We have identified the following points as key takeaways from the Tower Cases:

  • Substantial increases in management fees and executive salaries must be supported through clear documentation of reason and/or need. For example: (1) if high compensation is due to the inability to recruit executives, an entity must record this inability, (2) if executives provide additional services than originally contemplated, the services should be documented where executive compensation is increased; and (3) high compensation and management fees should be questioned, negotiated, analyzed, and supported by evidence of value to the paying entity.
  • When a non-profit hospital pays its executive compensation in a way that is directly linked to financial performance, any such practice should be scrutinized in order to provide justification that doing so is consistent with such non-profit status.
  • While acceptance of Medicare and Medicaid payments remains significant, more may be needed to satisfy the gratuitous services requirement. A non-profit entity should ensure that its financial assistance policy includes the contemplation of a patient’s ability to pay and a patient’s supplemental insurance.
  • To demonstrate uncompensated costs, hospitals may point to agreements with providers that set compensation and demonstrate how compensation under Medicare and Medicaid programs pay in comparison.
  • A non-profit hospital may be able to utilize physician services from its for-profit medical group while still maintaining its tax exemption.

Putting all of the foregoing together, while the objective factors that the courts look to when evaluating real estate tax exemption are unchanged, the Tower Cases demonstrate that the Pennsylvania courts are continuously refining their perspective and forcing hospitals to defend their operations.  Recognizing that challenges to real estate tax exemption come without advance warning, hospitals are well-served to learn from the lessons of the Tower Cases to not fall victim to the same pitfalls.

  1. The “Tower Cases” include the following: Pottstown Sch. Dist. v. Montgomery Cnty. Bd. of Assessment Appeals, No. 1217 C.D. 2021, 2023 WL 1871505 (Pa.
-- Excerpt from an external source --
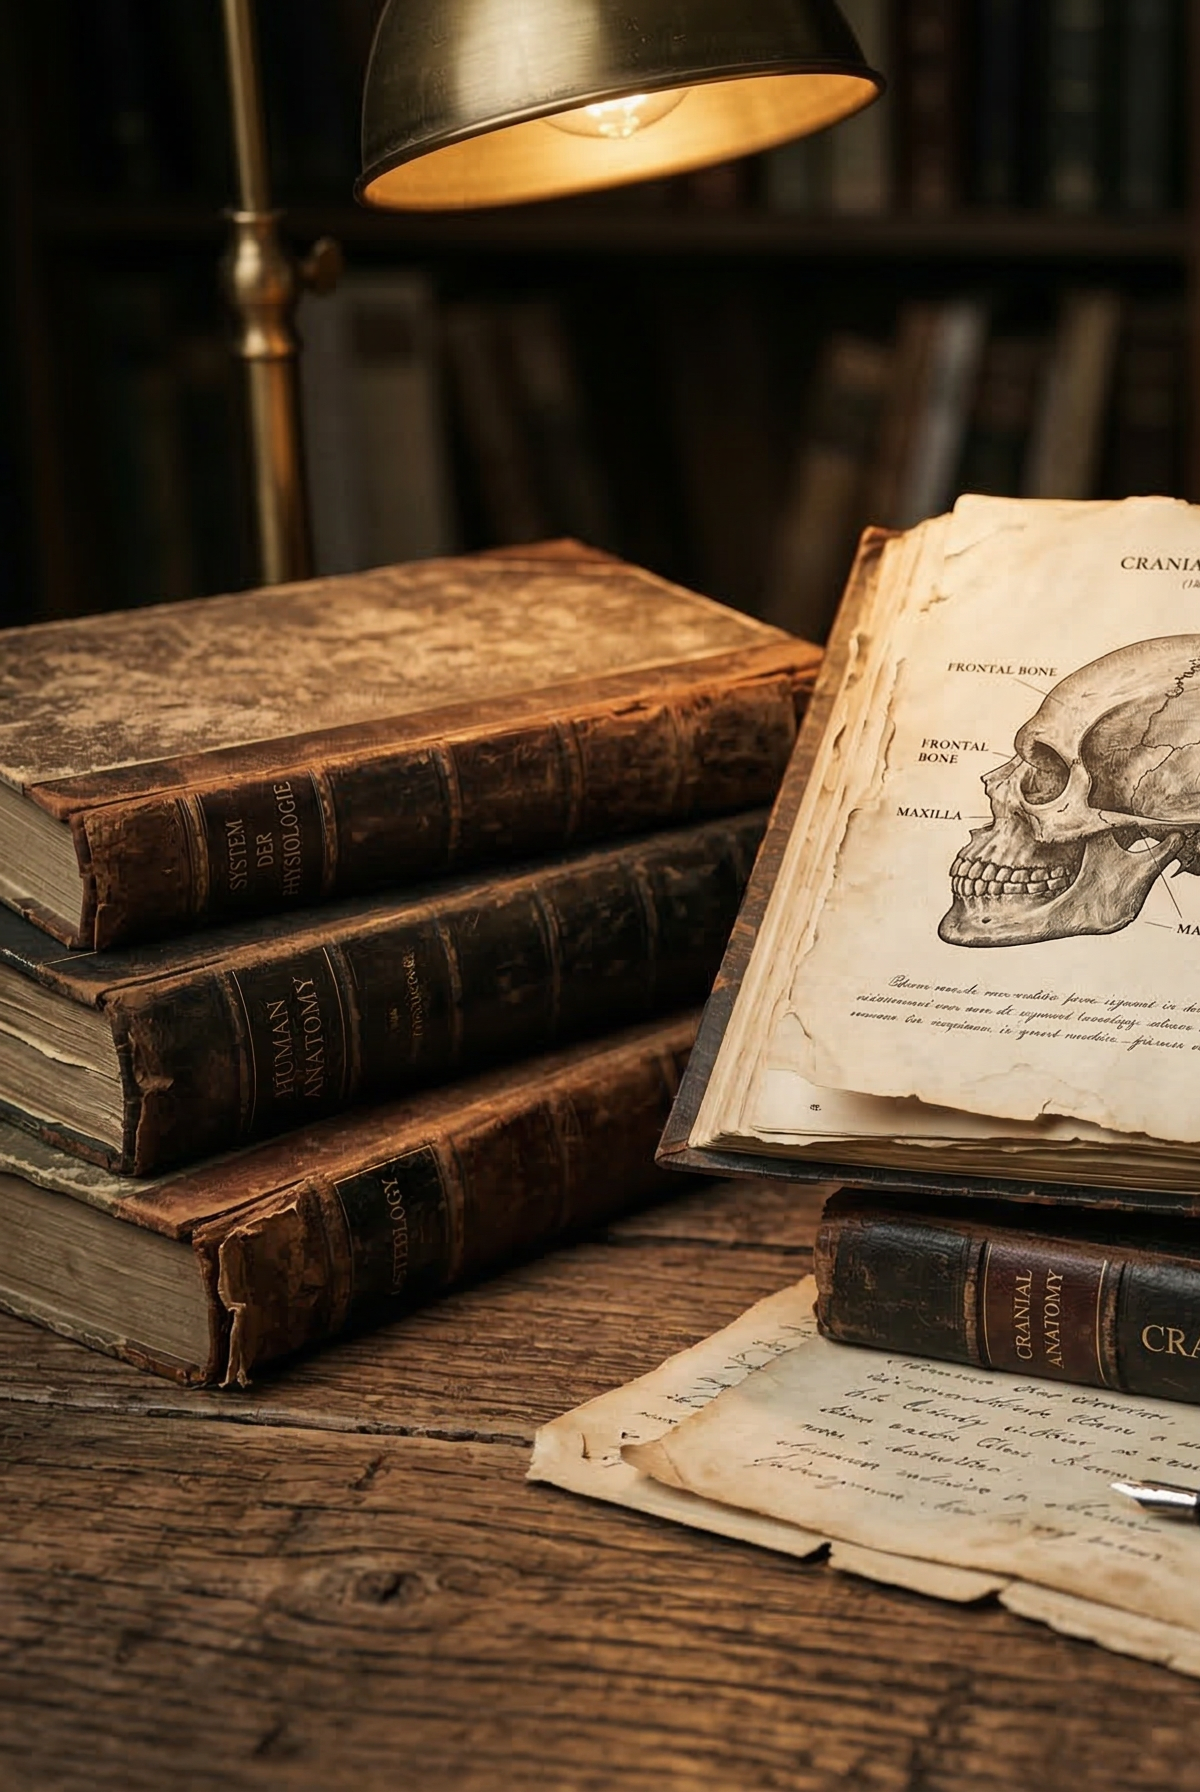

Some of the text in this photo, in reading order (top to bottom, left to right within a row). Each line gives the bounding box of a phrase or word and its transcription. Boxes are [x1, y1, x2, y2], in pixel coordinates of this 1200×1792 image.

Commw. Ct. Feb. 10, 2023) (to be reported)(referred to as “Pottstown Case” in this Alert); Brandywine Hosp., LLC v. Cnty. of Chester Bd. of Assessment Appeals, Nos. 1279, 1280, 1283 & 1284 C.D. 2021, 2023 WL 1872005 (Pa. Commw. Ct. Feb. 10, 2023)(to be reported); Phoenixville Hosp., LLC v. Cnty. of Chester Bd. of Assessment Appeals, Nos. 1281, 1285 C.D. 2021, 2023 WL 1871695 (Pa. Commw. Ct. Feb. 10, 2023)(not to be reported); and Jennersville Hosp., LLC v. Cnty. of Chester Bd. of Assessment Appeals, Nos. 1282 & 1286 C.D. 2021, 2023 WL 1871705 (Pa. Commw. Ct. Feb. 10, 2023)(not to be reported).
  2. Pottstown School Dist. v. Montgomery County Bd. of Assessment Appeals, No. 2017-27756, 2022 WL 563076 (Pa.Com.Pl.Civil Div. Feb. 23, 2022)(rev’d by Pottstown Case).
  3. See Mesivtah Eitz Chaim of Bobov, Inc. v. Pike Cnty. Bd. of Assessment Appeals, 44 A.3d 3, 9 (Pa. 2012)(establishing the same).
  4. HUP, 487 A.2d at 1312 (quoting Episcopal Acad. v. Philadelphia, 25 A. 55, 56 (Pa. 1892)).
  5. 53 Pa.C.S. § 8812(b)(1).
  6. 262 A.3d 660, 670 (Pa. Cmwlth. 2021), appeal denied, 273 A.3d 509 (Pa. 2022)(finding that the HUP Test was not violated even where base salaries of certain executives were between the 75th and 90th percentile of market salary levels).
  7. 52 A.3d 408, 423 (Pa. Cmwlth. 2012)(finding that the institutional taxpayer failed to operate entirely free from private profit motive in paying a maximum incentive bonus of 24% to their Chief Executive Officer’s and 18-19% to their Chief Financial Officer).